This is one of the sticking points that made me stop writing originally.

113. Gray Days

The internet has its faults; you have to be careful since Albert Einstein and Alfred E. Newman could both be setting up websites.

My favorite use of this technology is refreshing my memory on things I already know from a lifetime of inhabiting libraries. The second best thing is stumbling onto questions I didn’t even think to ask.

Not everyone likes that, as an imaginary street person once told me.

These gray people of the street are with us always. We know that some of them are there from hunger, from drugs, or from mental incapacities of various kinds, but others are there for personal reasons we will never understand. I have no difficulty imagining myself among them, had life treated me differently, or had I made other choices.

Come and meet an imaginary friend who doesn’t want our sympathy and doesn’t want us to understand him. He just wants us to drop a coin as we go by.

Gray Days

I had a wife,
I had a child,
I had a job,
I had a house,
I had my friends
and recreations,
And all those things
that made the noise
that filled my head
until I could not think;
And all those things
that crowded me
until I could not breathe.

No more.

Now I sit, gray days, on concrete steps.
When it rains, I go inside.
Passing among the purposeful,
Who bustle, peer, and mutter their impatience;
Among the masters and the fools,
Encased in pasteboard and in cloth.
Bound up; neatly stacked;
Cataloged and categoried.
With icons blazoned on the spine
So the hurried never find
Anything they didn’t want to know.

Once I wrote;

Once I spoke to the multitude.
My name was here
Between Dickinson and Dickens.
My life between two covers.

No more.

I saw my work for sale,
Twenty-five cents, obsolete.
It stood unbought upon the shelf
With tattered War and Peace and Valley of the Dolls.

No matter.

I like it best on gray days, when I can sit
Silent on the steps.
My can proclaims my purpose –
“Give me coin!”
And who, in this great, striving city,
Could ever question me on this,
My silent industry.
All day long the coins rain down;
Nickels, pennies, dimes –
Hardly enough to keep a mouse alive.

No matter.

I did not come to find my fortune,
Only solitude.
And I have found it.
Every face that passes meets my eye;
Furtive, quick,
And quickly looks away.
It is enough.
It’s all I want, and nearly all that I could stand.
Nearly more than I can stand.

Harried woman, children clinging to your skirt,
I understand.
Hurried man, full of worry, I understand.
You have a million dollars paper,
and not one thing to call you own.

I have enough for supper.

Voices in the Walls 31

3 of 6 of an outline of the remainder of Voices in the Walls.

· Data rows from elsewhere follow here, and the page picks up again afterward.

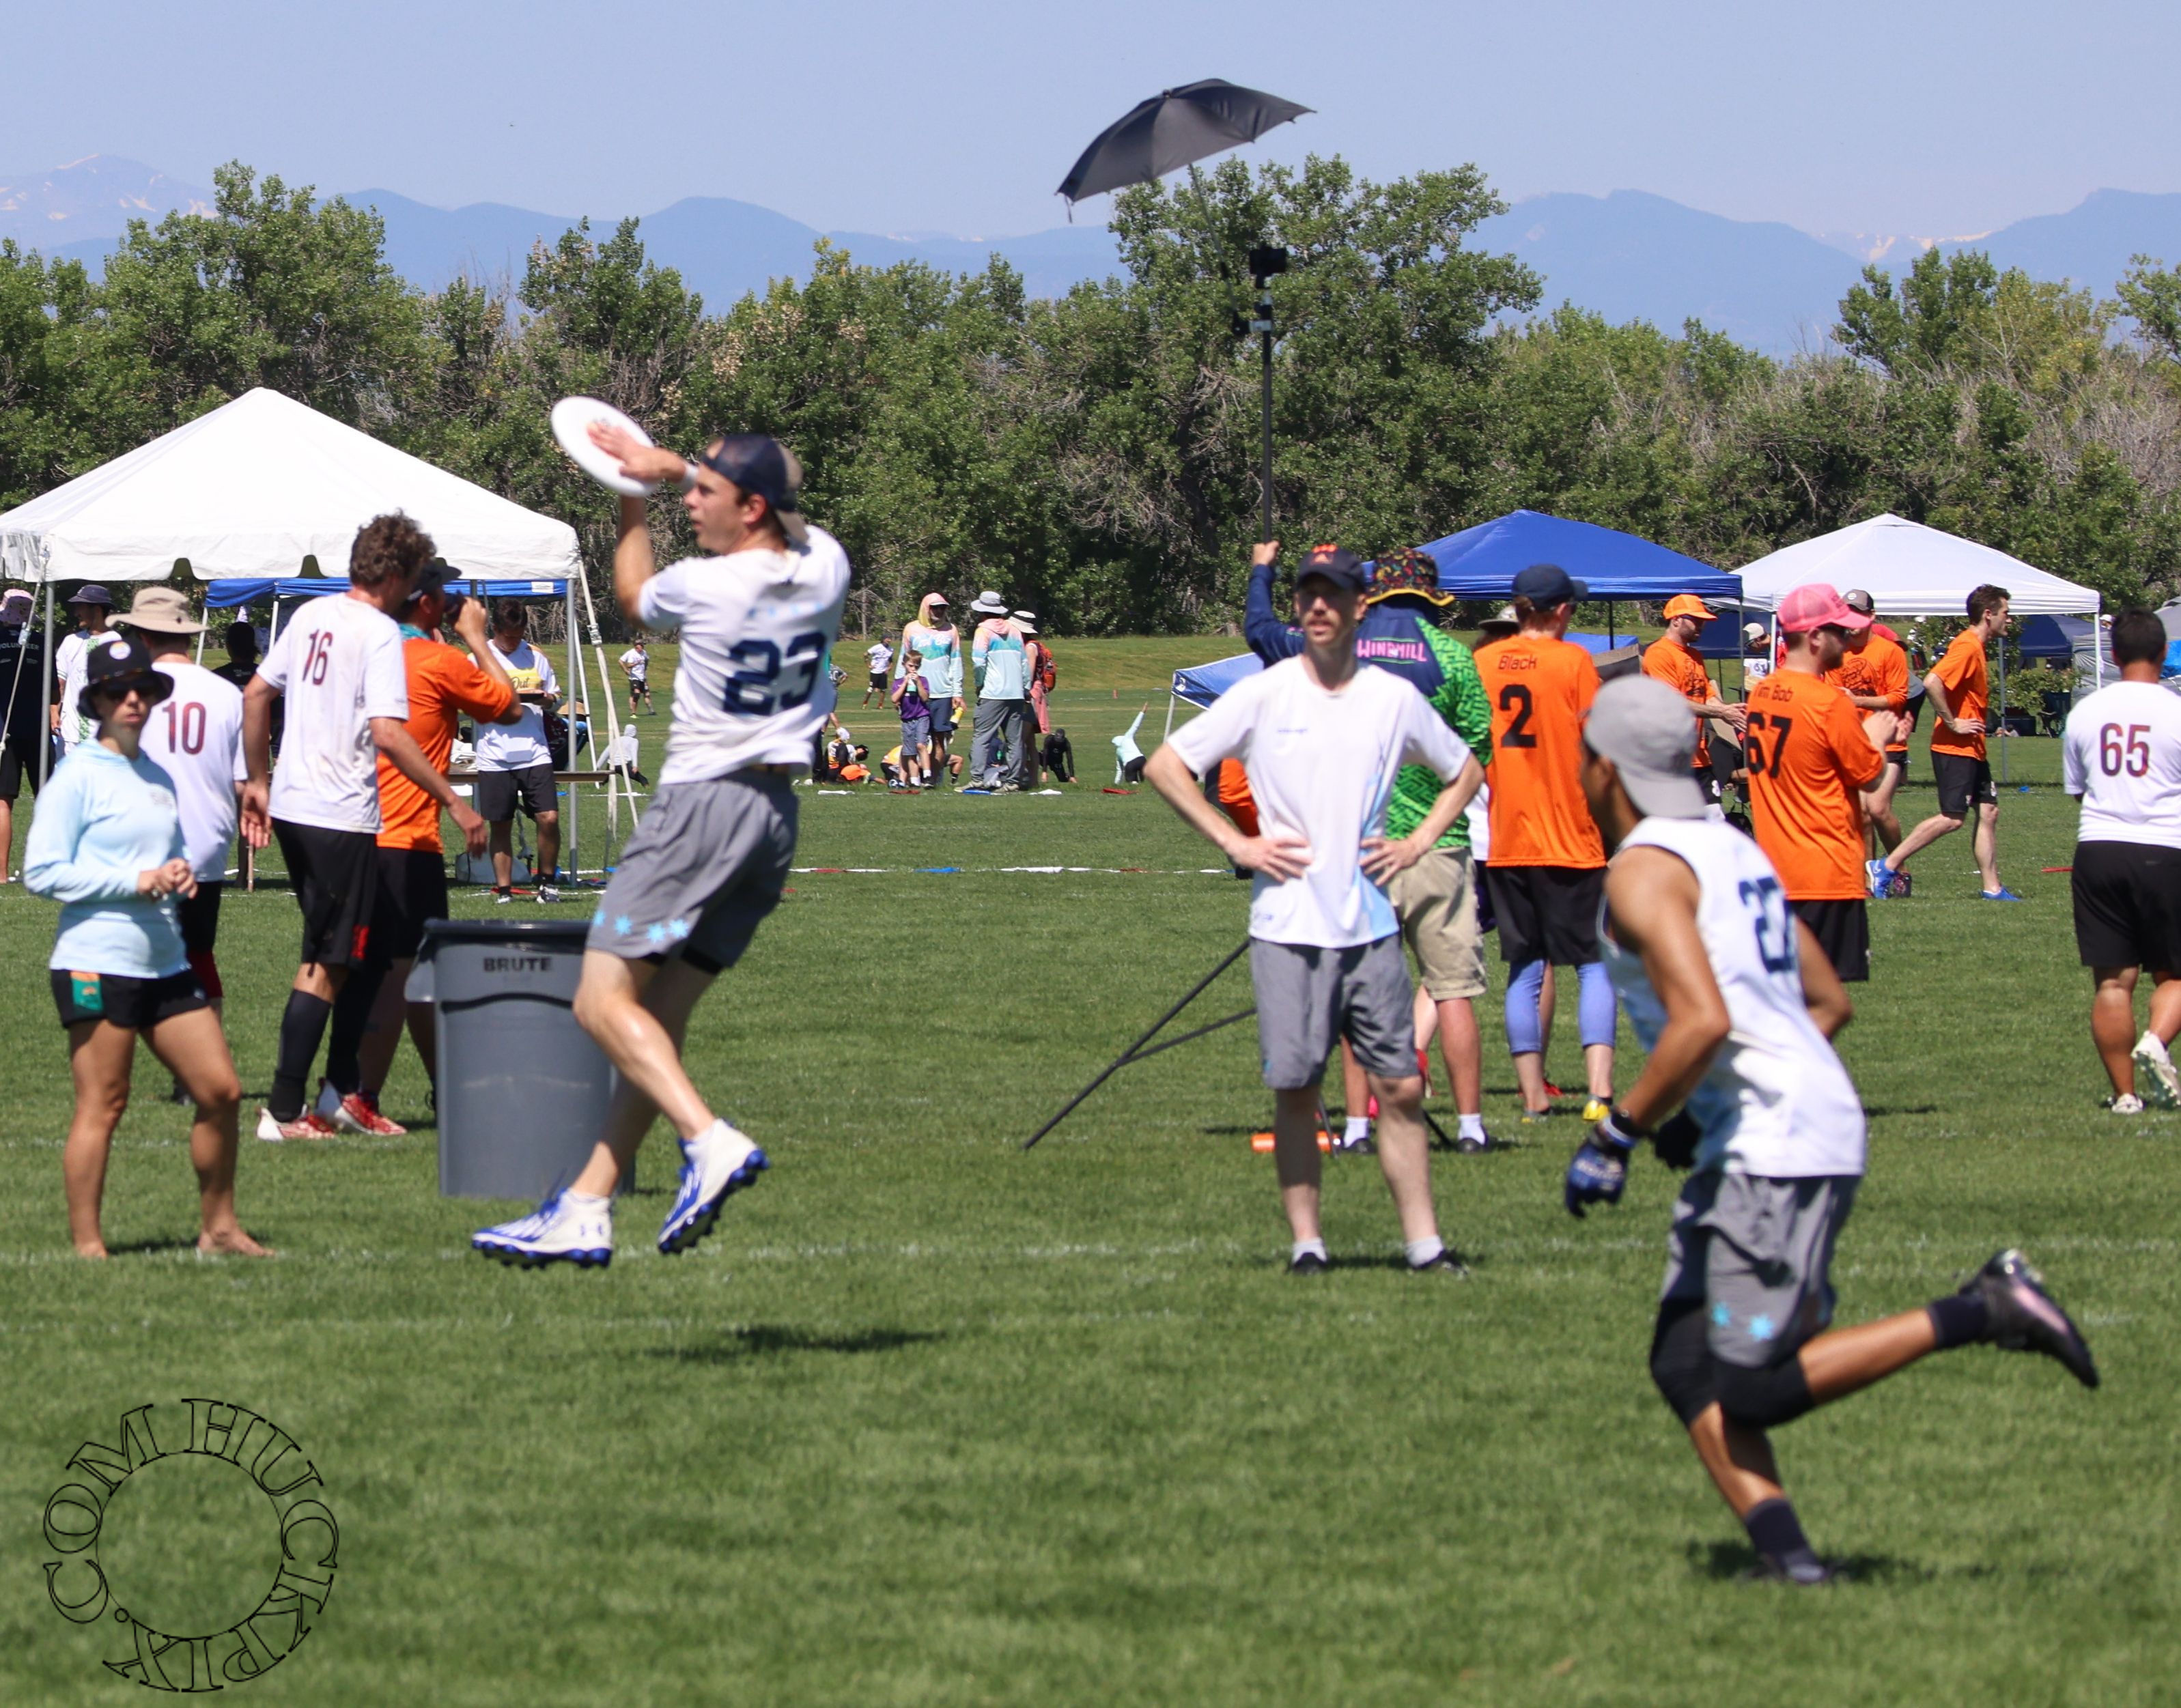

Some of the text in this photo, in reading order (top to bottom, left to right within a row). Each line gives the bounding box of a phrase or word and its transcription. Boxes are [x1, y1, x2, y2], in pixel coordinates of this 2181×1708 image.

[302, 628, 333, 685] 16
[722, 631, 827, 715] 23
[162, 701, 206, 755] 10
[1500, 684, 1536, 748] 2
[1747, 712, 1792, 778] 67
[2100, 722, 2151, 778] 65
[483, 958, 552, 972] BRUTE
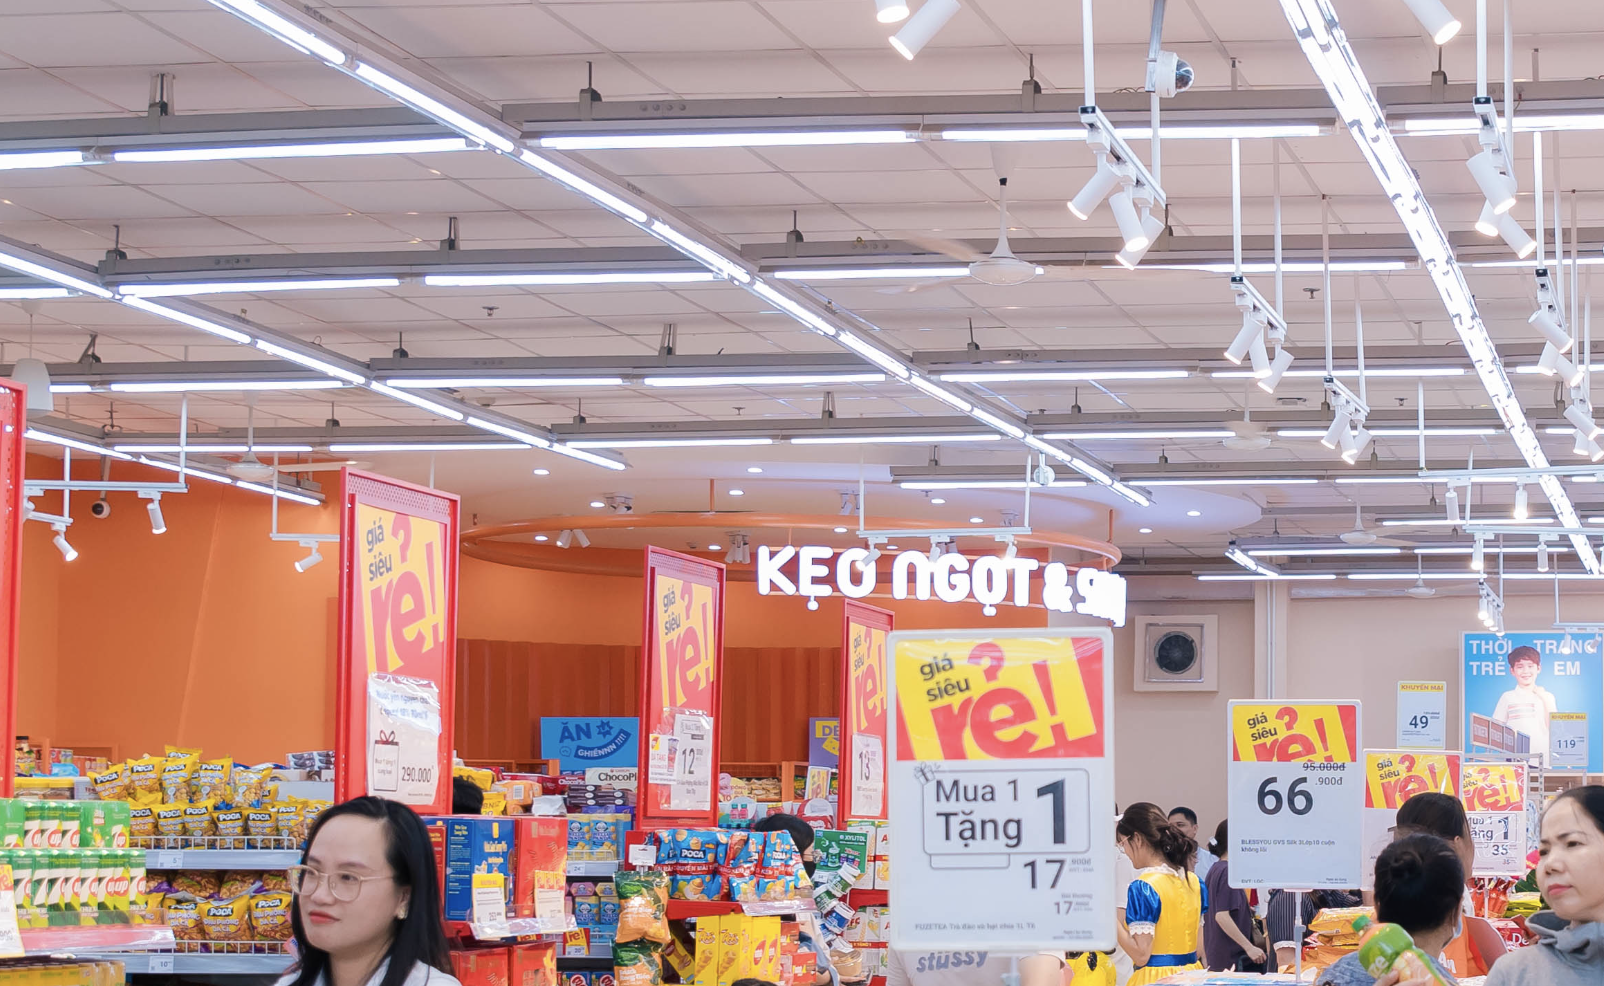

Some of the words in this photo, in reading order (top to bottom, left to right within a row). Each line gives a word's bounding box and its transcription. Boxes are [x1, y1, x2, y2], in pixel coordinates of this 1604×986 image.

[367, 517, 384, 553] giá
[369, 552, 392, 581] siêu
[1042, 562, 1074, 613] &
[1469, 637, 1512, 655] THỜI
[919, 653, 954, 681] giá
[1469, 657, 1507, 676] TRẺ
[1553, 661, 1581, 675] EM
[926, 678, 971, 702] siêu
[1247, 712, 1268, 729] giá
[1409, 715, 1429, 729] 49
[559, 722, 592, 743] ĂN
[1251, 727, 1277, 741] siêu
[1557, 739, 1576, 749] 119
[681, 748, 696, 774] 12
[1302, 763, 1346, 771] 95.000đ
[1377, 758, 1393, 771] giá
[402, 767, 432, 783] 290.000
[1379, 770, 1400, 781] siêu
[935, 779, 996, 802] Mua
[1008, 779, 1019, 801] 1
[1257, 776, 1314, 815] 66
[1315, 777, 1343, 786] .900đ
[218, 812, 243, 821] POCA
[248, 812, 271, 821] POCA
[936, 811, 1022, 847] Tặng
[1037, 778, 1066, 845] 1
[681, 850, 704, 858] POCA
[1023, 859, 1066, 889] 17
[210, 907, 233, 915] POCA
[1054, 901, 1073, 915] 17
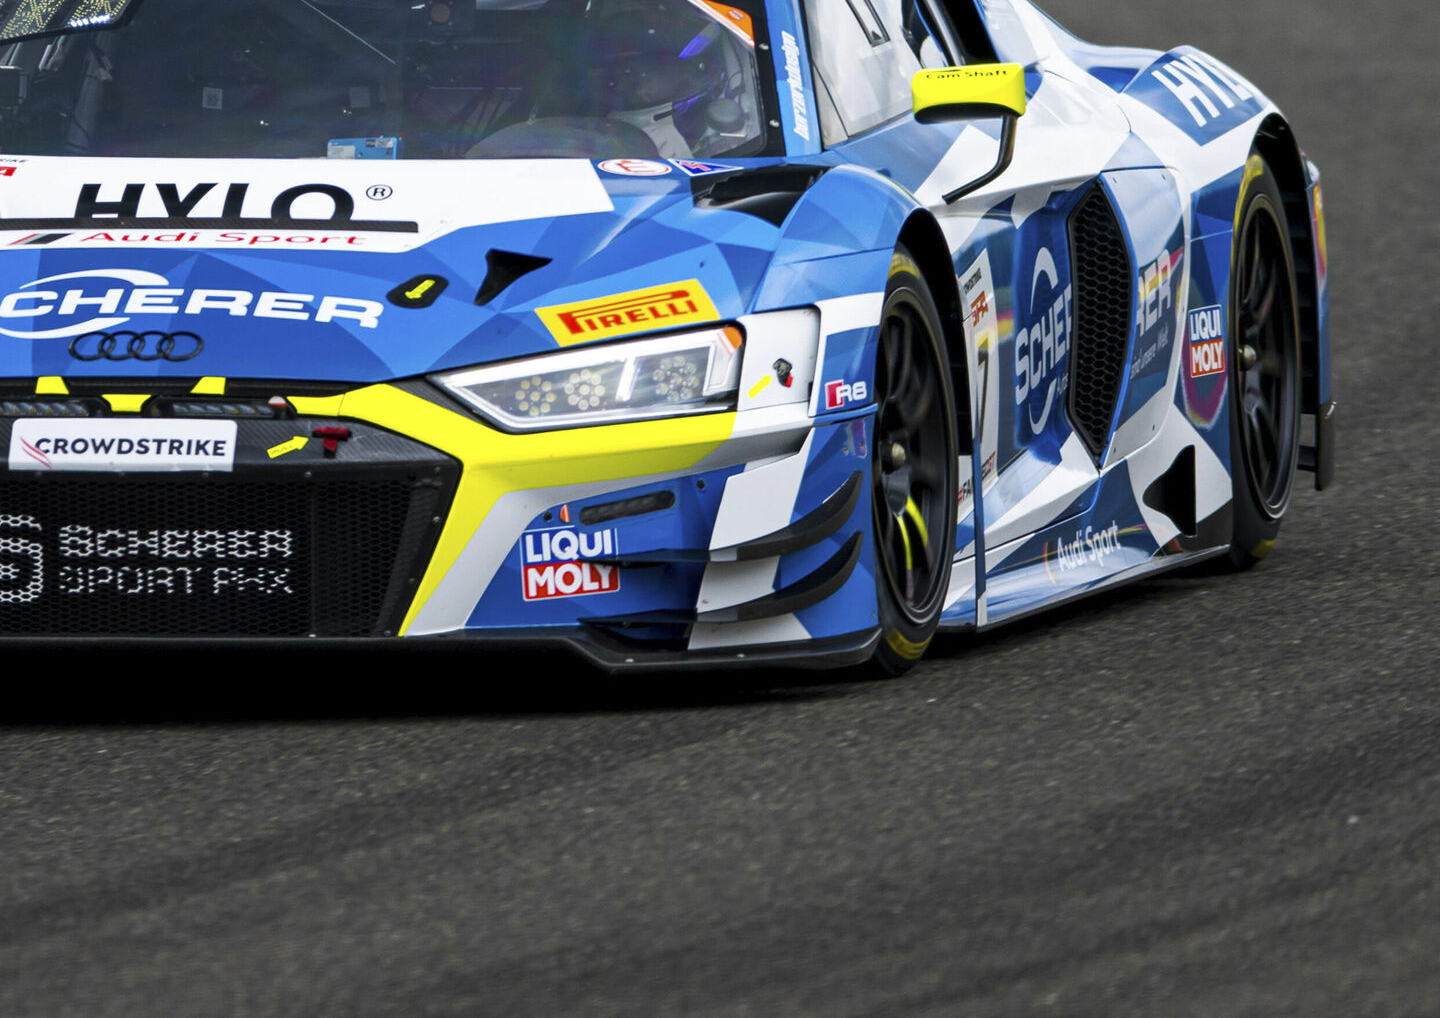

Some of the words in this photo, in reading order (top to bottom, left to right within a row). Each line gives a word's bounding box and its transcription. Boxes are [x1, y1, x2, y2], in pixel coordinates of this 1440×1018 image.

[925, 72, 961, 80] Cam
[964, 69, 1007, 78] Shaft
[80, 231, 201, 244] Audi
[219, 231, 366, 246] Sport
[556, 290, 698, 335] PIRELLI
[1190, 309, 1221, 341] LIQUI
[1191, 341, 1223, 373] MOLY
[35, 438, 227, 456] CROWDSTRIKE
[525, 529, 613, 563] LIQUI
[1057, 529, 1087, 572] Audi
[1085, 520, 1121, 567] Sport
[527, 563, 613, 597] MOLY

Matt arrives at the Sayre home to find the front door ripped from it’s hinges. Inside, Sayre and his son are on the floor, badly beaten. Sayre is nearly unconscious and Saul is near death with a massive open wound on his skull. Alice is gone, taken by Meeker and Bellows to replace the slaves they have been unable to recapture. Saul was not taken only because he appeared dead.

The details of action will suggest themselves when I get to this point of the story. The essential part is that Matt is outraged, says to himself, “What can I do”, and then realizes that Alice’s capture into slavery is no different than what happened to tens of thousands of other slaves in Africa, and what will happen to her now is no worse than what happens to all other slaves, including the ones back home at Tidewater.

After a great deal of agonizing, Matt agrees to accompany Sayre as he follows his daughter. This means crossing the border into slave states. Sayre’s claim to be a freeborn man turns out to be untrue. He is an escaped slave who crossed into freedom before Matt was born. Discussion here of Dred Scott and how different things were twenty years earlier when the North still offered freedom for escaping slaves.

Sayre is going back into the land from which he escaped as a young man. He can’t go as a free black without papers (need to research this) and so goes as Matt’s slave. Playing the part of a slave owner is easy for Matt, but it affects the relationship he has built up with Sayre. Acting as if Sayre were a slave makes him think of Sayre as a slave. This slide back into what Matt normally would be is the first of several emotional reversals they both suffer as Matt is dragged back and forth between two visions of the meaning of slavery.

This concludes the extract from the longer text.